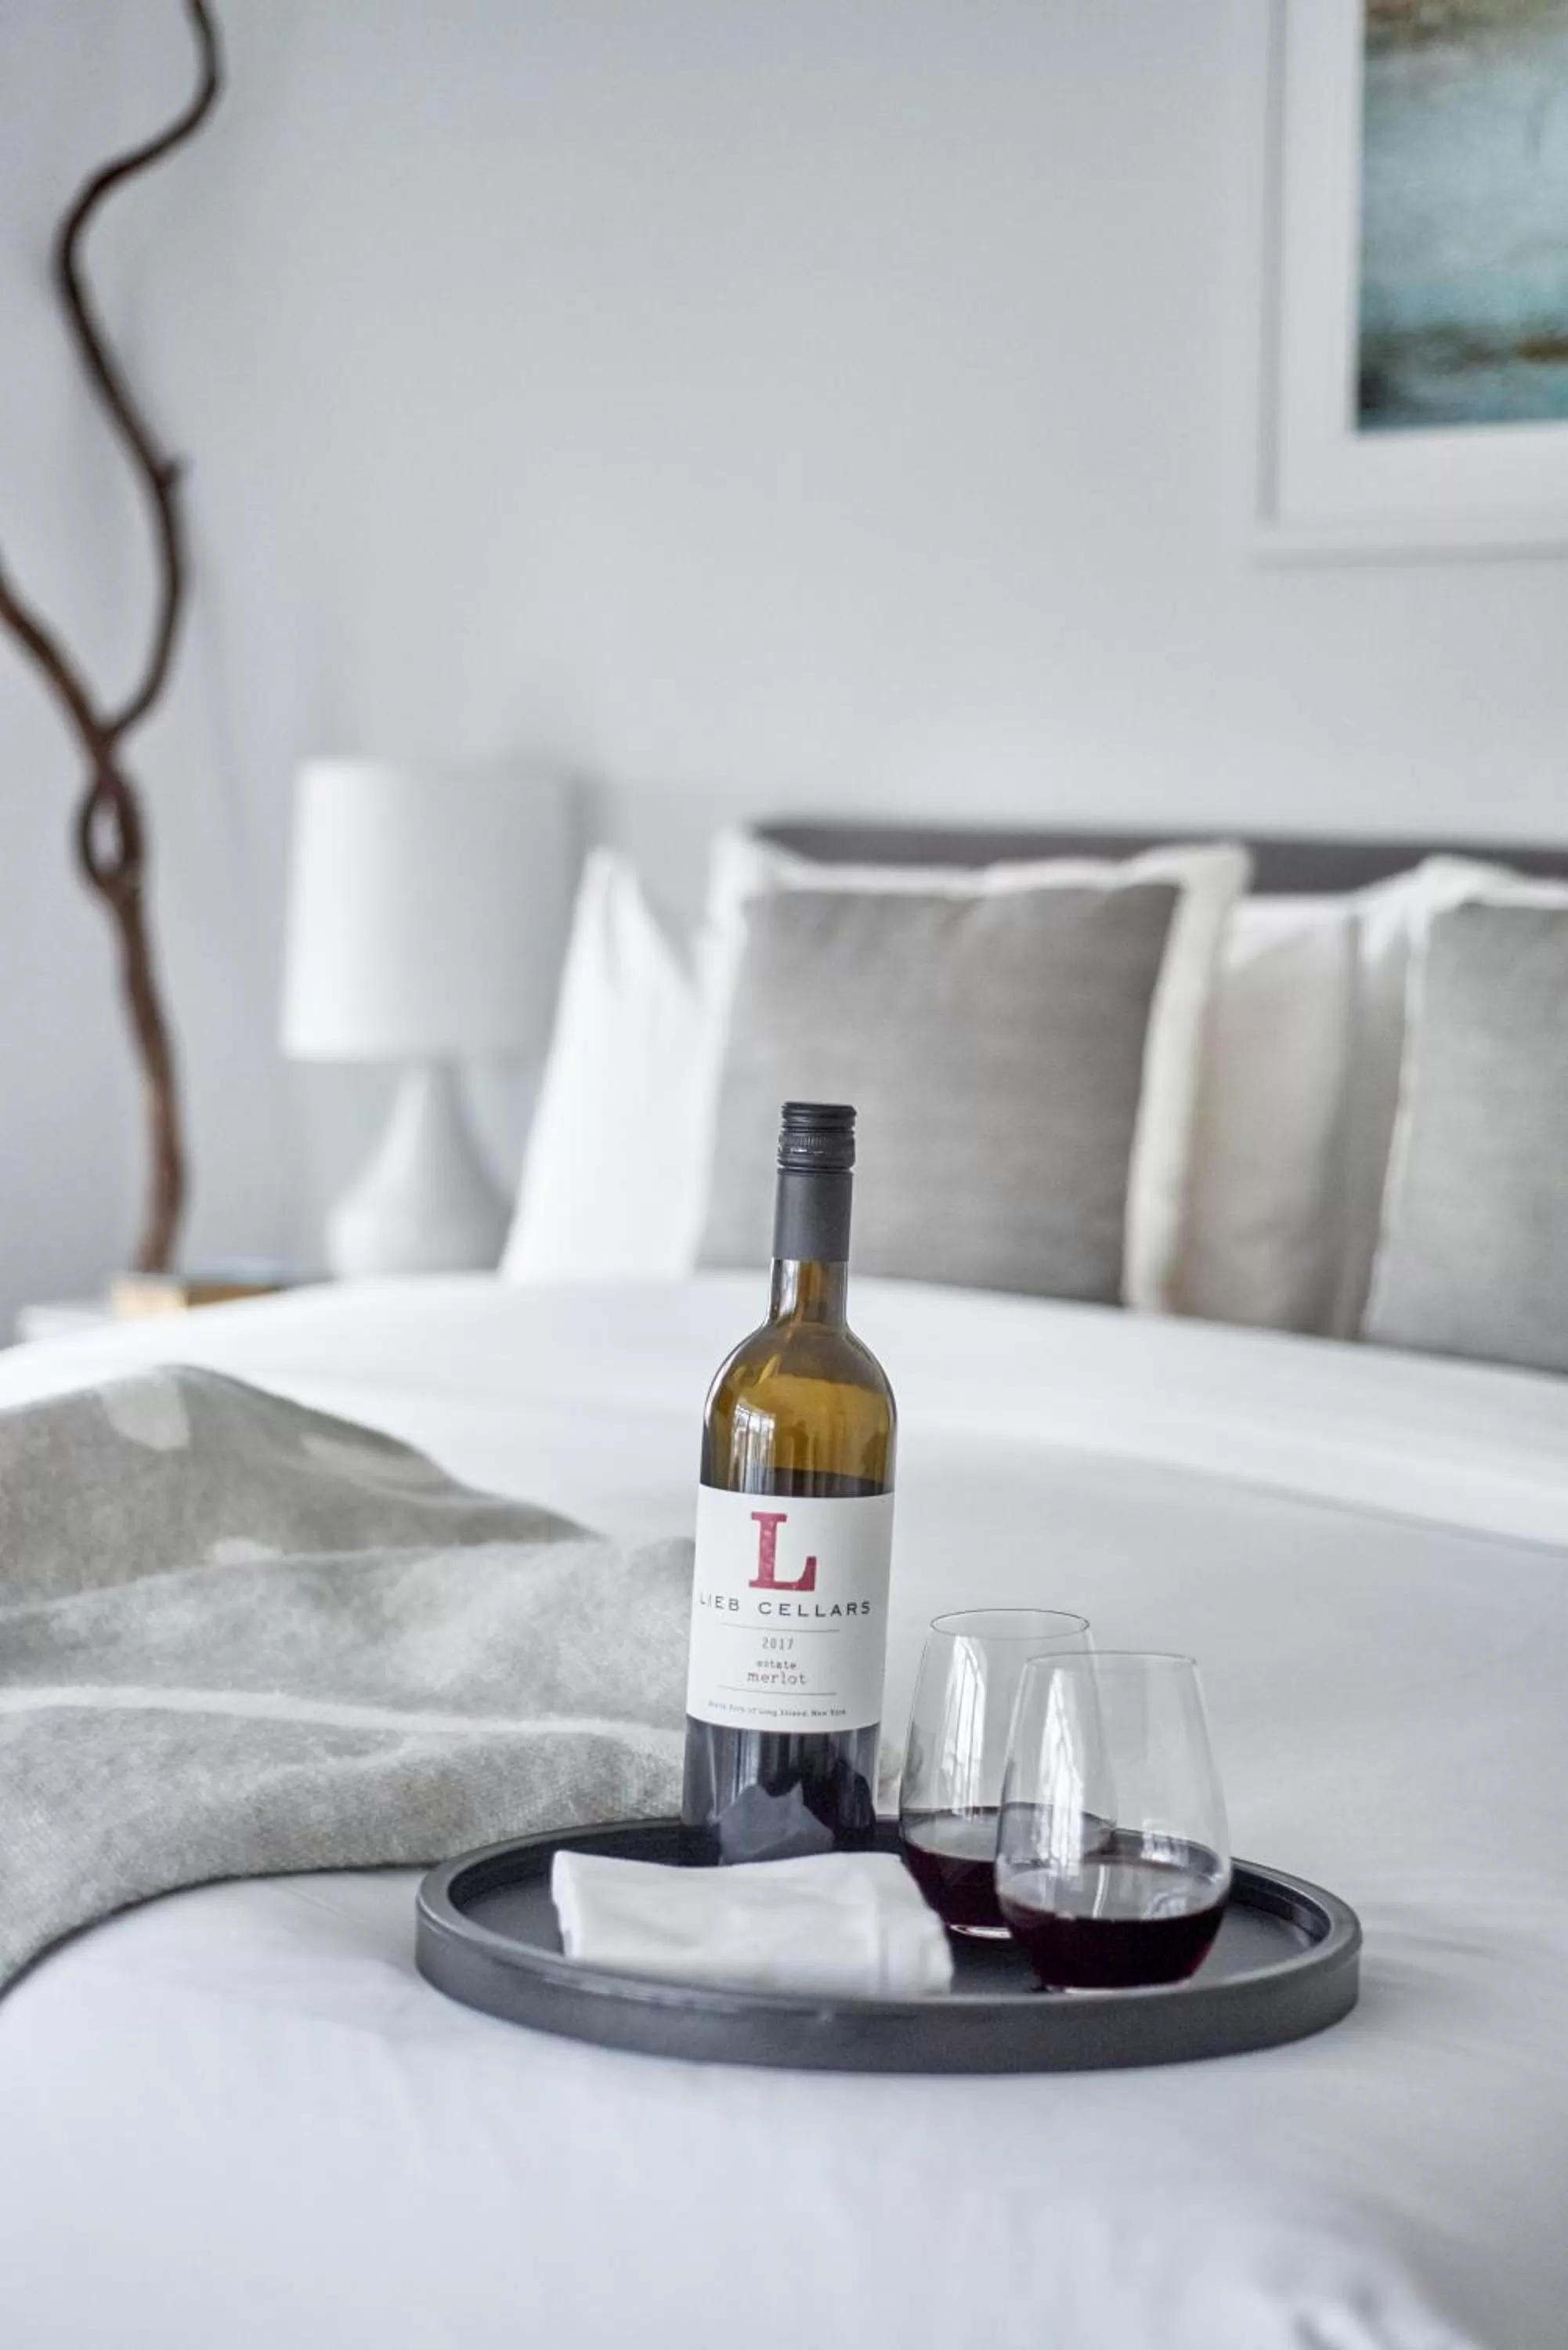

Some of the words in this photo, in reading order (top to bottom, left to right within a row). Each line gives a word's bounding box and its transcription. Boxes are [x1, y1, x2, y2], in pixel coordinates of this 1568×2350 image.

[750, 1511, 817, 1592] L
[699, 1591, 740, 1611] LIEB
[757, 1600, 872, 1618] CELLARS
[761, 1636, 794, 1650] 2017
[756, 1659, 797, 1670] estate
[746, 1671, 807, 1686] merlot
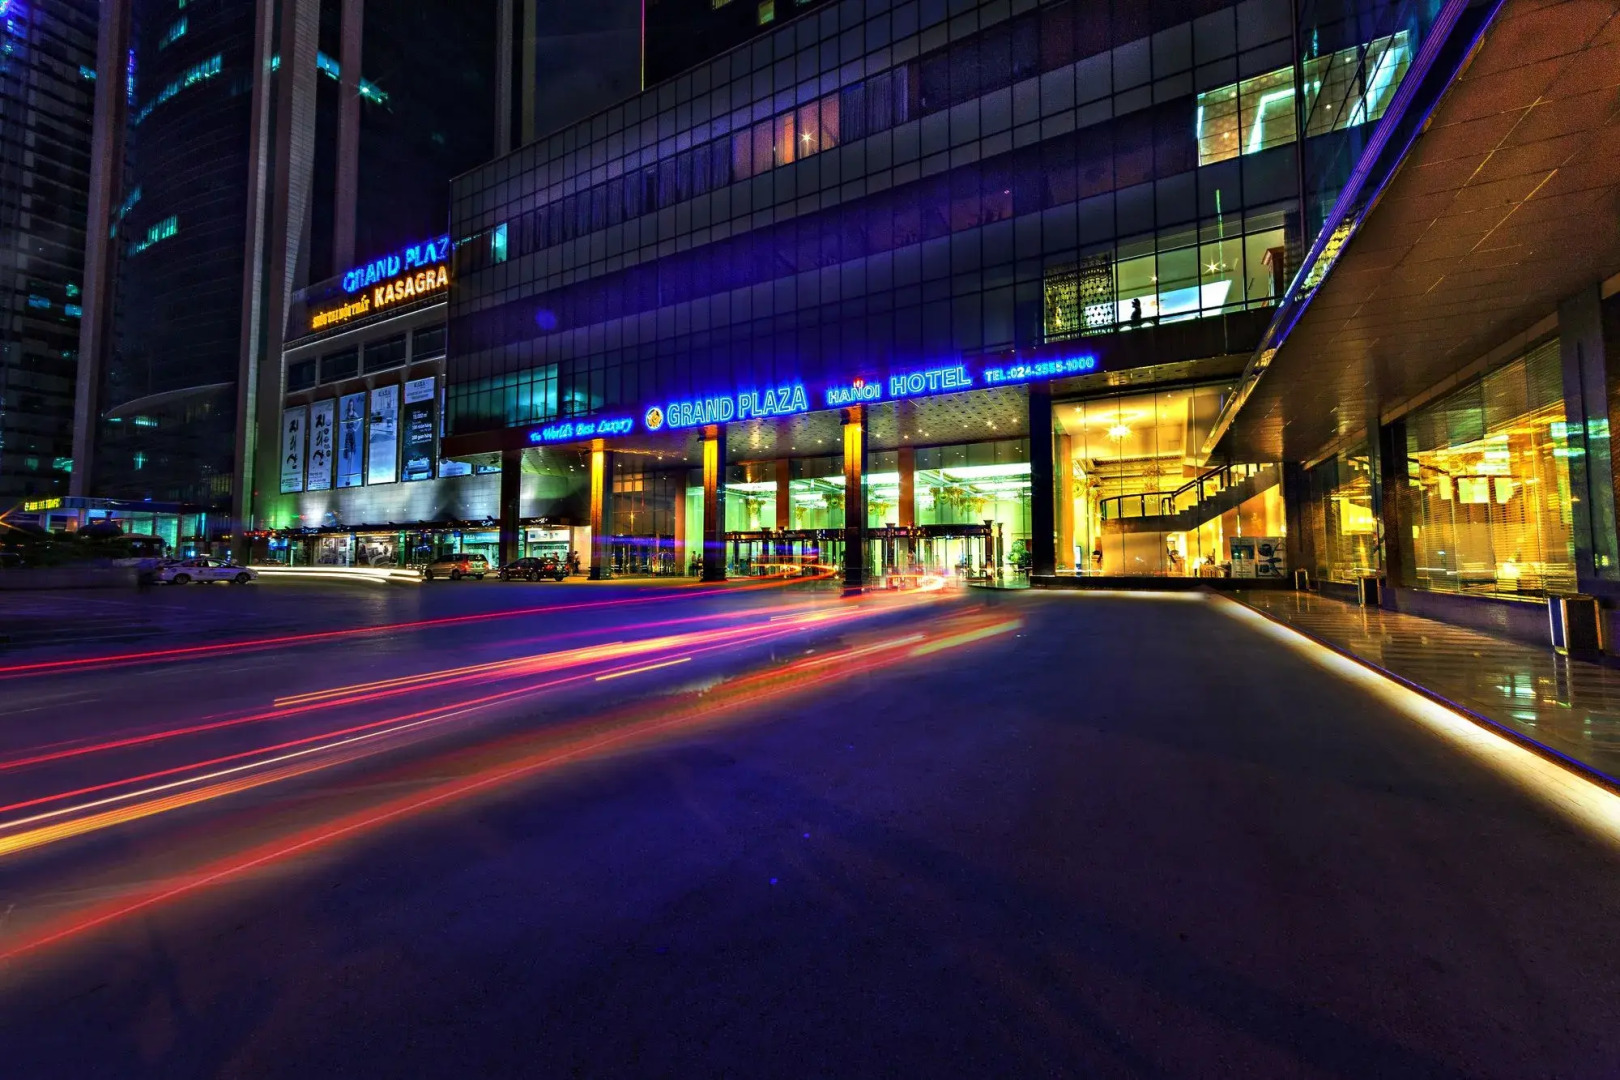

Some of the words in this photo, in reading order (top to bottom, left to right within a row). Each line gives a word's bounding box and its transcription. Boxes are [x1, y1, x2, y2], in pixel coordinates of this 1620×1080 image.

[343, 254, 401, 293] GRAND
[828, 384, 880, 404] HANOI
[890, 366, 972, 396] HOTEL
[666, 395, 734, 428] GRAND
[738, 384, 808, 419] PLAZA
[575, 422, 595, 437] Best
[597, 417, 633, 434] Luxury
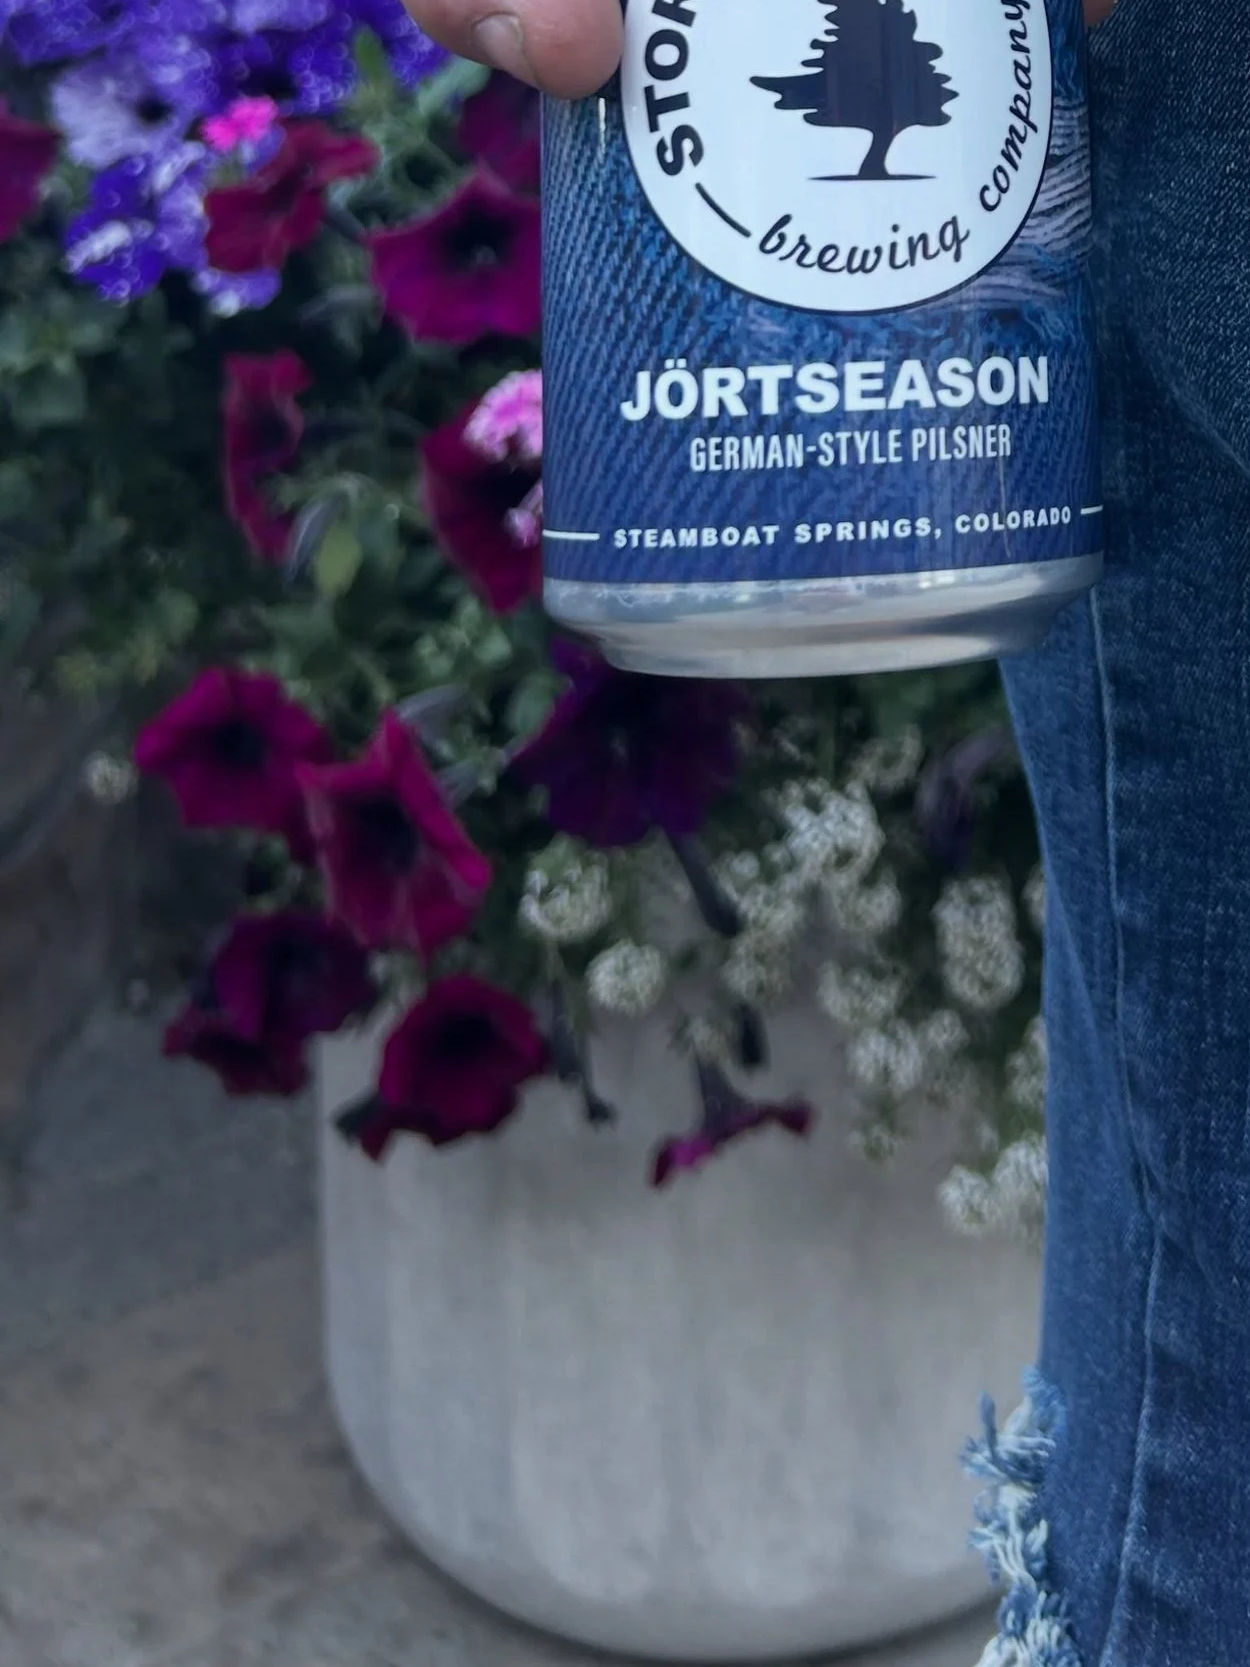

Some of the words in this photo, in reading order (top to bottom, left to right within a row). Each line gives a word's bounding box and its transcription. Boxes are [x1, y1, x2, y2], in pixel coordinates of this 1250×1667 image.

• WHAT TO DO:
Return all the entries word for word, but omit any pictures they contain.

• RESULT OF THIS TASK:
Some of the words in this photo, in reading order (top to bottom, left to right within a row). Each line gives a word's bounding box and its transcription. Boxes are [x1, y1, x2, y2], in pixel coordinates of this 1568×2350 image.

[750, 1511, 817, 1592] L
[699, 1591, 740, 1611] LIEB
[757, 1600, 872, 1618] CELLARS
[761, 1636, 794, 1650] 2017
[756, 1659, 797, 1670] estate
[746, 1671, 807, 1686] merlot

Some of the words in this photo, in reading order (top to bottom, left to right within a row). Each line gives a word's bounding box and its transcription. Boxes are [x1, y1, x2, y2], in pixel coordinates of this 1620×1080 image.

[343, 254, 401, 293] GRAND
[828, 384, 880, 404] HANOI
[890, 366, 972, 396] HOTEL
[666, 395, 734, 428] GRAND
[738, 384, 808, 419] PLAZA
[575, 422, 595, 437] Best
[597, 417, 633, 434] Luxury

Some of the words in this photo, in reading order (top to bottom, left to right within a row). Each line gives a word's bounding box and its transcription. Boxes are [x1, y1, x2, y2], in pixel coordinates of this 1250×1667 image.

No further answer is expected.